Ironically, Matt’s work hours as a resident are tightly controlled by the Accreditation Council for Graduate Medical Education since 2003. These guidelines place limits on the work hours imposed on resident physicians who traditionally worked a staggering number of hours, sometimes more than 120 hours in a single week.

The same residents are now limited to 80 hours per week and 24 hours in a single shift with an allowance for an additional six hours for clinical handover. Interns (first-year residents) are further limited to no more than 16 hours in continuous duty with no allowance beyond that. Emergency medicine residents are somewhat unique because they’re seeing high-acuity undifferentiated patients and are limited to 12 hours per shift and 60 hours per week.

Why this sudden change for resident physicians?

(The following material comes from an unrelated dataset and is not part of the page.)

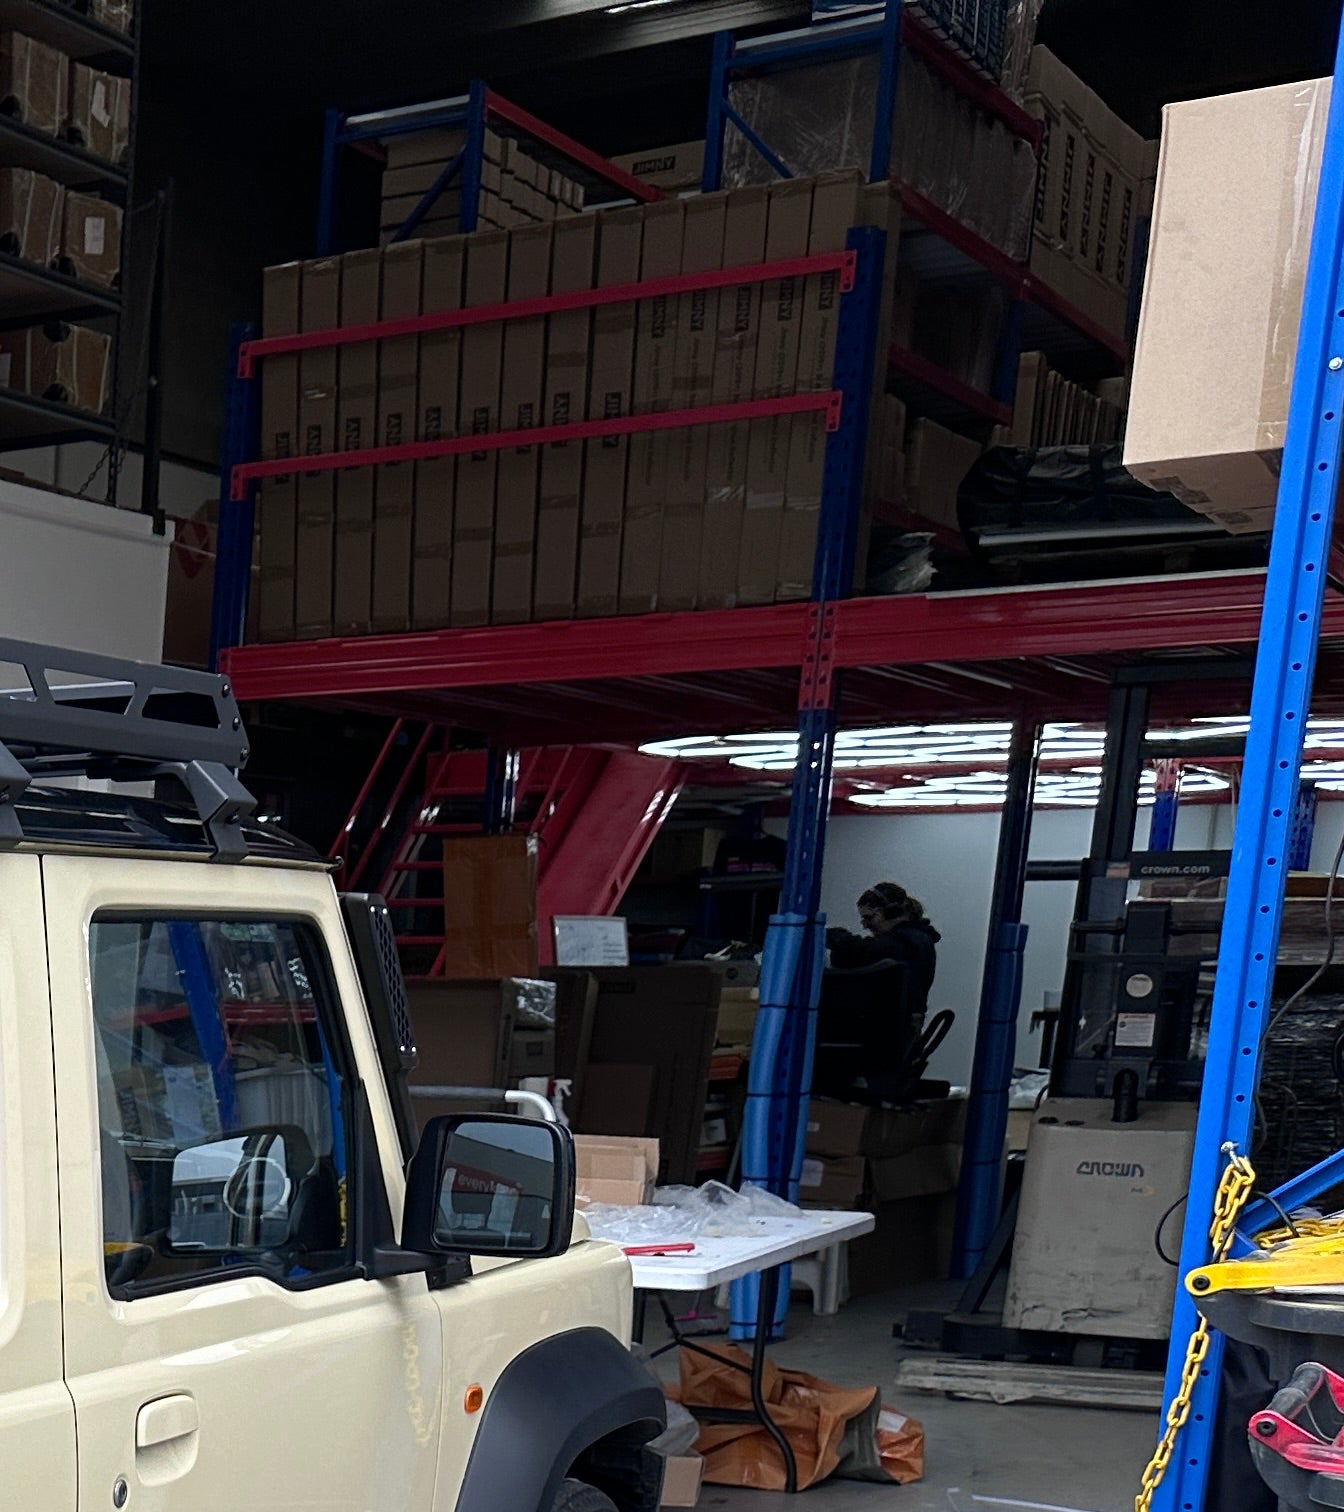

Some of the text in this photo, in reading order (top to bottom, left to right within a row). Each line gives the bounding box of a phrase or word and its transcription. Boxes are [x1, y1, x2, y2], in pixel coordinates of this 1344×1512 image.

Well, like Matt, there was report after report of residents crashing their cars after extended shifts and being injured and killed. There are endless reports of medical errors in the early morning hours after working more than 16 hours in a row without sleep, which has been shown to be equivalent to a 0.01 blood alcohol level in relation to cognitive impairment. There are even cases of surgical residents falling asleep during operations because they were so fatigued!

So why do 24-hour shifts remain the norm and why are 48- or even 72-hour shifts still accepted? I think part of the reason has to do with the difficulty in changing patterns of EMS institutional behavior.

Many of our EMS services start as small organizations with relatively low call volumes. With “occasional” EMS runs it makes it easy to justify 24-hour shifts because there’s a pretty good chance that at some stage during the shift the crew will have uninterrupted time to sleep. The problem, however, is that as the call volume increases and the frequency of uninterrupted sleep diminishes, we don’t change the shift length to accommodate the new normal.

Breaking It Down

There are two main and distinct areas of concern in relation to EMS: The capacity to drive an emergency vehicle, and the ability to make critical decisions and perform critical skills on patients after extended work hours.

Regarding driving, there are numerous parallels and restrictions that are federally mandated for pilots, ship personnel, truck drivers and railroad conductors. These limitations range from eight hours of maximum time at the stick for pilots per 24-hour period to 15 hours for ship personnel. If we consider the limitations on emergency medicine resident physicians, we see a pattern emerge that we shouldn’t ignore.

The patterns suggests we should have ideal shift lengths of 8–12 hours, with maximums of 16 hours in a row, with mandatory rest periods for EMS agencies where the expectation is that providers will be attending to patients for the duration of the shift. The problem is, of course, what to do in the circumstance with ambulance crews that aren’t “busy.”

I think the answer is that we utilize data to make an educated decision. If, for instance, the crew in question has some period of uninterrupted sleep for at least six hours 80% or 90% of the time, then 24-hour shifts for that individual unit makes sense. If they don’t meet this burden, personnel should be limited to 12-hour shifts, with a hard stop at 16 hours of continuous duty.

Conclusion

This industry needs to realize that, like physicians, we have to begin to protect our EMS practitioners from the harms associated with extended work hours.

Just as important, we have to protect our patients from fatigued paramedic practitioners who are more likely to make errors when they’re tired. We must also commit resources to evaluating the correlation between fatigue and errors. We must learn from the mistakes of other industries and the EMS physician must advocate for work hour restrictions and be an essential stakeholder on institutional policy regarding limitations.